- _The task_:
If a line in the records below holds the string "SECRETARÍA", count it, and state only the final count.

----- Input records

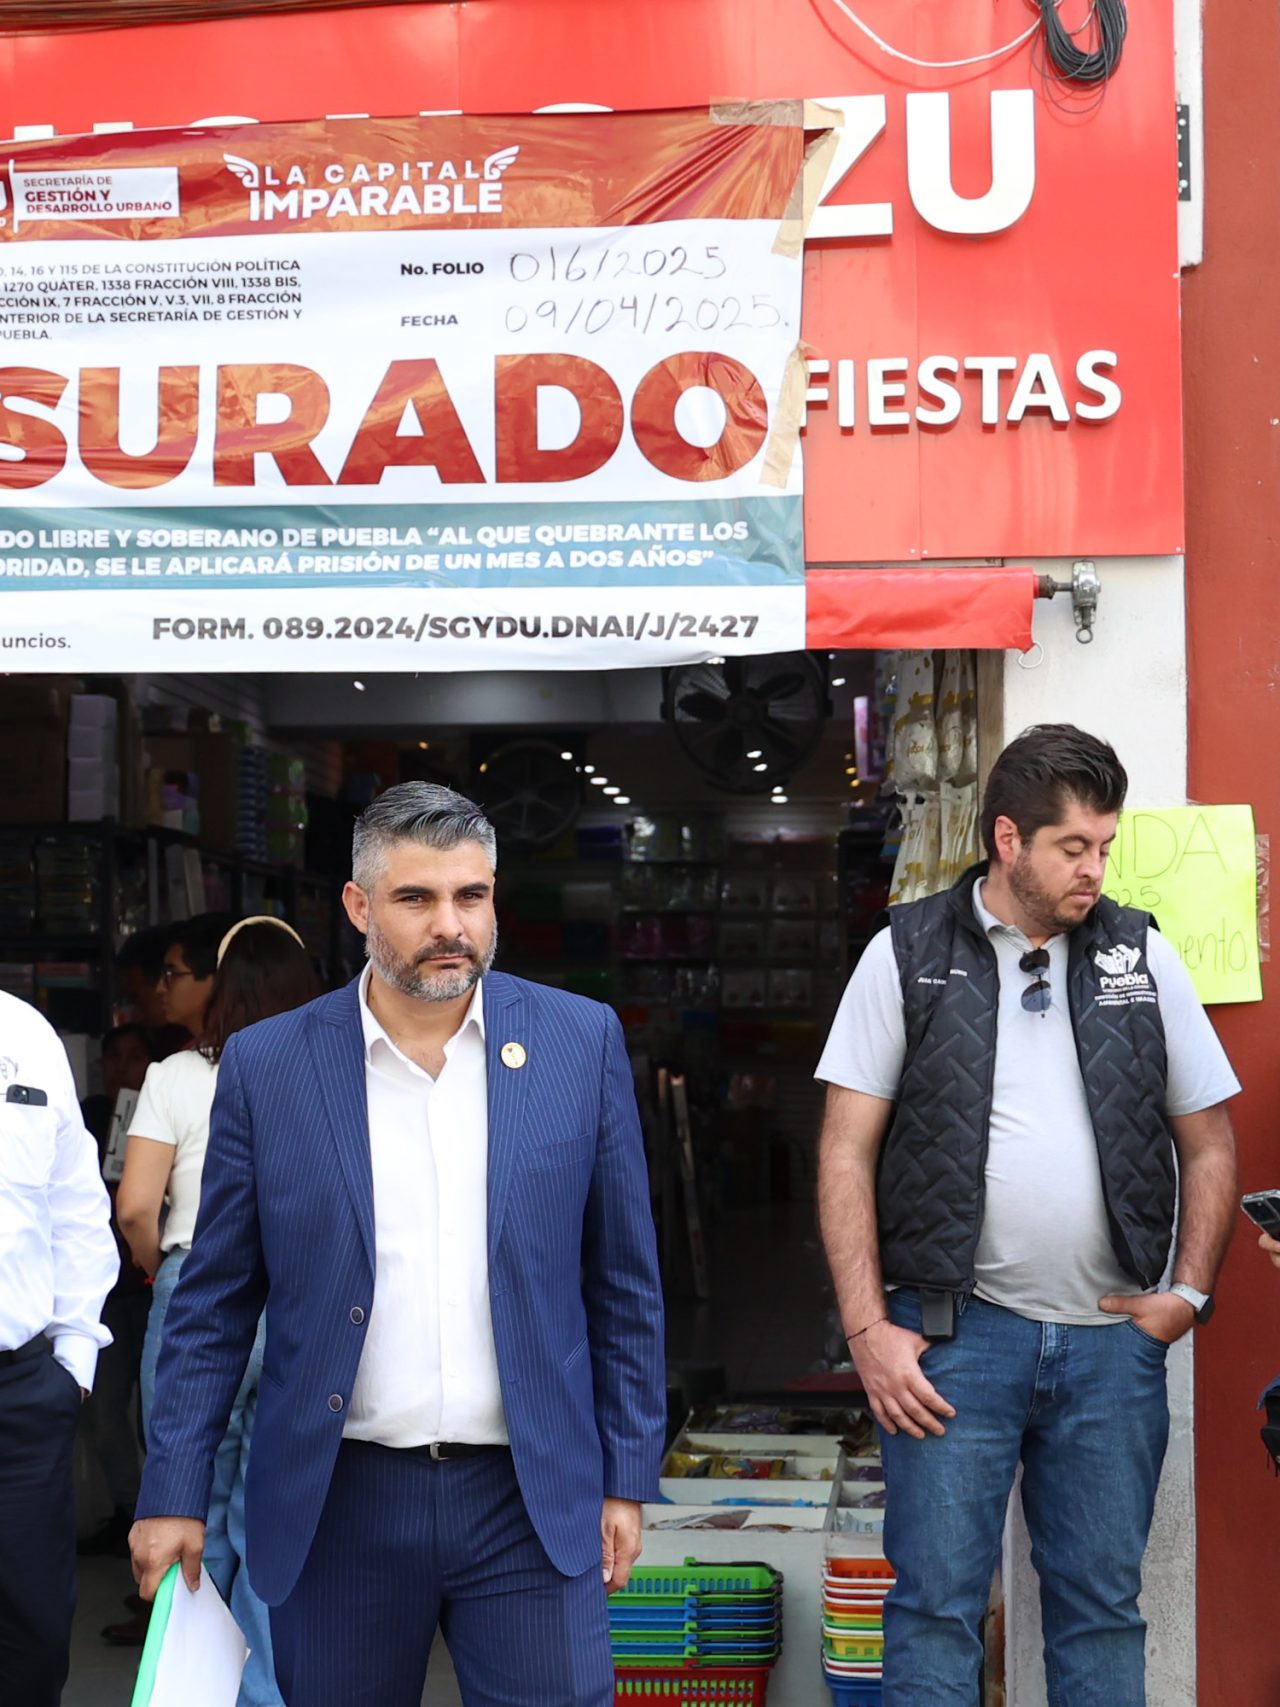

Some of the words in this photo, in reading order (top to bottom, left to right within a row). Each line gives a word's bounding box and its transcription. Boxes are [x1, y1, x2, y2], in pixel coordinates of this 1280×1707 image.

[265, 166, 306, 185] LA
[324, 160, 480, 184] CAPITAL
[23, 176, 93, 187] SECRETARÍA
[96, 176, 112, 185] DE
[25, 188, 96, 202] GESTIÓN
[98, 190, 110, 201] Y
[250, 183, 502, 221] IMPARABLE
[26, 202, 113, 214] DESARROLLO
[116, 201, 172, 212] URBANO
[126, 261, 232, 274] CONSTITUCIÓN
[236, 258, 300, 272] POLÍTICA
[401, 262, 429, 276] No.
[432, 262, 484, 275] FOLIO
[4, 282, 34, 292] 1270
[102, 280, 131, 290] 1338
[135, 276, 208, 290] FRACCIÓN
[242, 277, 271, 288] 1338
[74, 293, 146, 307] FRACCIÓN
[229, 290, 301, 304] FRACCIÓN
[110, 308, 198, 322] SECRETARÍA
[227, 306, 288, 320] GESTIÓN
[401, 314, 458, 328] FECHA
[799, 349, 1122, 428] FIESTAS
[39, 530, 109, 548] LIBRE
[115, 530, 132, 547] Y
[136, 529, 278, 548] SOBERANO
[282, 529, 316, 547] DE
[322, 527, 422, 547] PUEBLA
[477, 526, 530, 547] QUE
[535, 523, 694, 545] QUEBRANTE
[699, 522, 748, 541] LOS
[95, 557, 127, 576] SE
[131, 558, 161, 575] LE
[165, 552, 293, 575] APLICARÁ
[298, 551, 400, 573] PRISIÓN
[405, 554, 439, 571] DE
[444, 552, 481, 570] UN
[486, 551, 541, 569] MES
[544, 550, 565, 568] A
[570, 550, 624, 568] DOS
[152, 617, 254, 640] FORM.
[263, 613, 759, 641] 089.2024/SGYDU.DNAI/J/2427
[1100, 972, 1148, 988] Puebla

----------

- _Task output_:
2